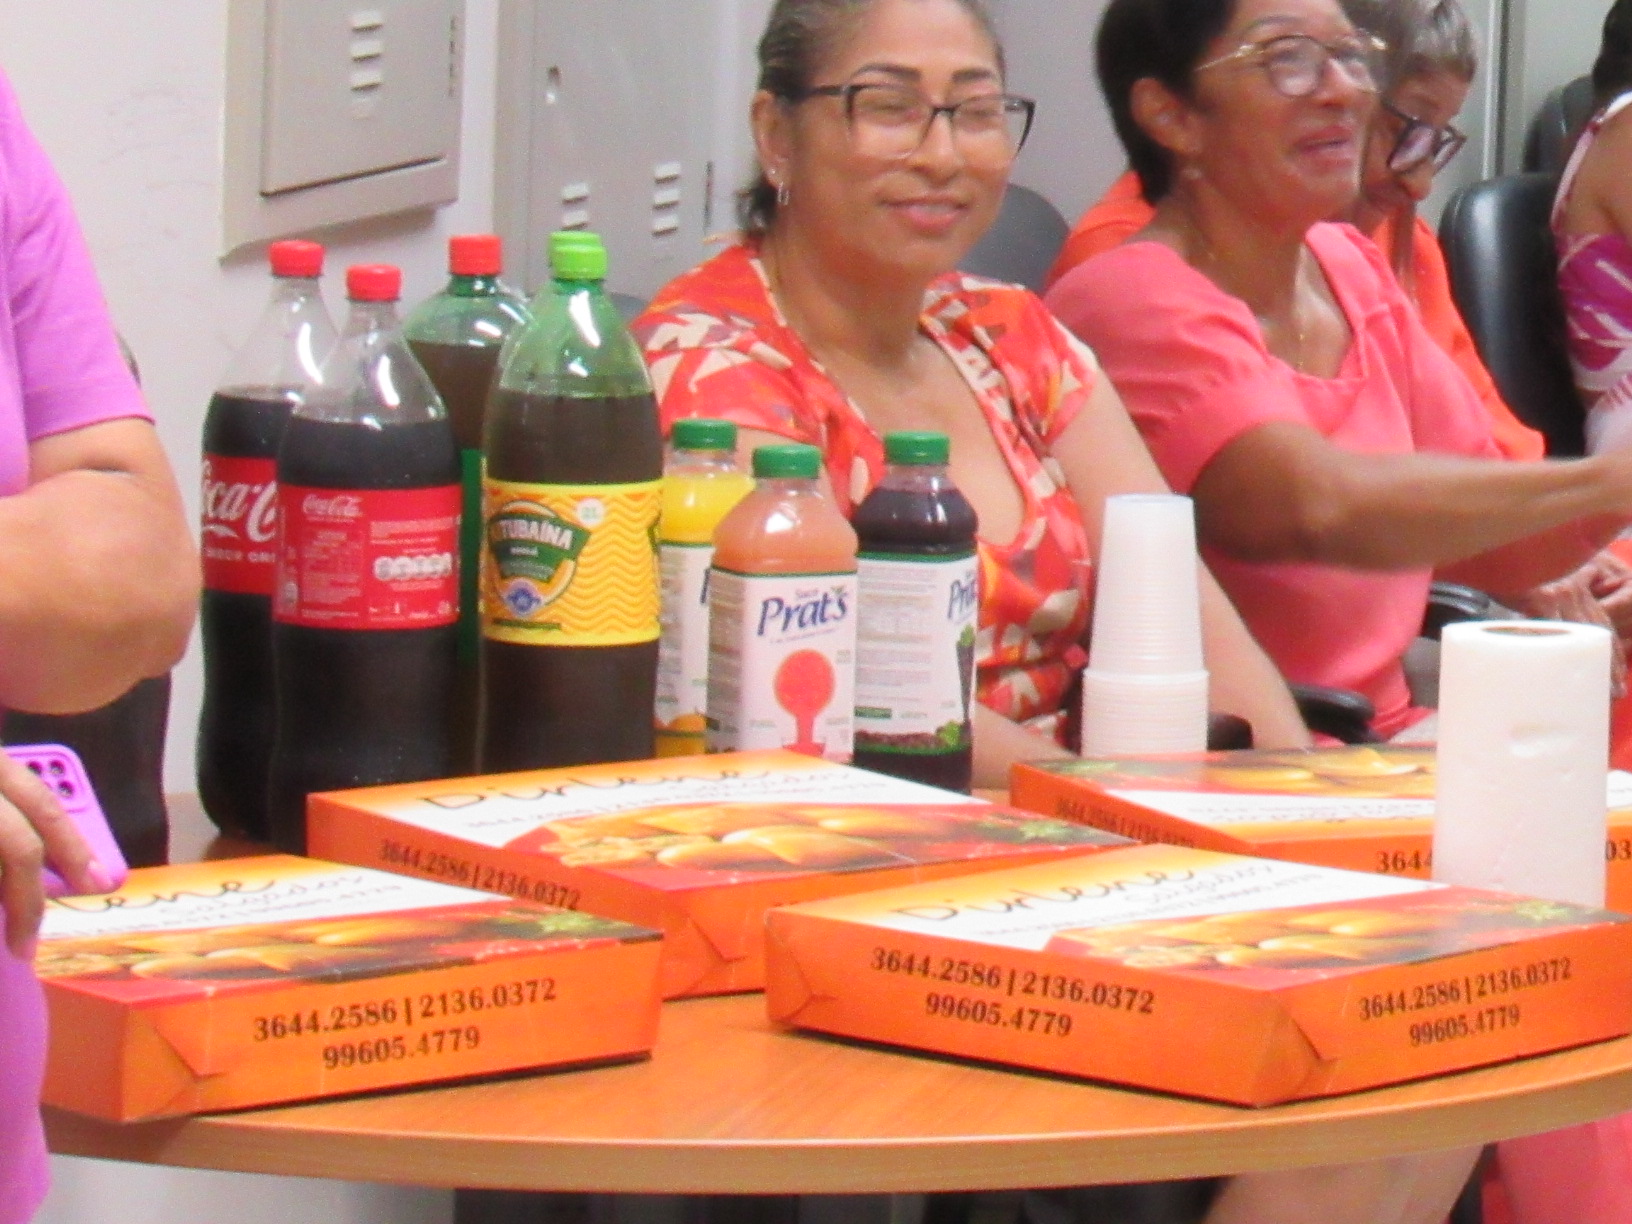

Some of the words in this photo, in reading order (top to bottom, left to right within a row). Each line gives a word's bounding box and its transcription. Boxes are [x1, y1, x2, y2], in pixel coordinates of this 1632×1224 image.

[870, 948, 1001, 989] 3644.2586
[1021, 972, 1155, 1015] 2136.0372
[1358, 982, 1461, 1022] 3644.2586
[1475, 956, 1572, 998] 2136.0372
[253, 1004, 398, 1042] 3644.2586
[419, 977, 557, 1020] 2136.0372
[925, 992, 1073, 1038] 99605.4779
[1408, 1004, 1521, 1047] 99605.4779
[322, 1028, 481, 1070] 99605.4779

—————

- **Task brief**: I'd like every record printed exactly, with the pictures left out.

- **Answer**:
Some of the words in this photo, in reading order (top to bottom, left to right within a row). Each line gives a word's bounding box and its transcription. Boxes are [x1, y1, x2, y2], in pixel coordinates of this 1632×1224 image.

[870, 948, 1001, 989] 3644.2586
[1021, 972, 1155, 1015] 2136.0372
[1358, 982, 1461, 1022] 3644.2586
[1475, 956, 1572, 998] 2136.0372
[253, 1004, 398, 1042] 3644.2586
[419, 977, 557, 1020] 2136.0372
[925, 992, 1073, 1038] 99605.4779
[1408, 1004, 1521, 1047] 99605.4779
[322, 1028, 481, 1070] 99605.4779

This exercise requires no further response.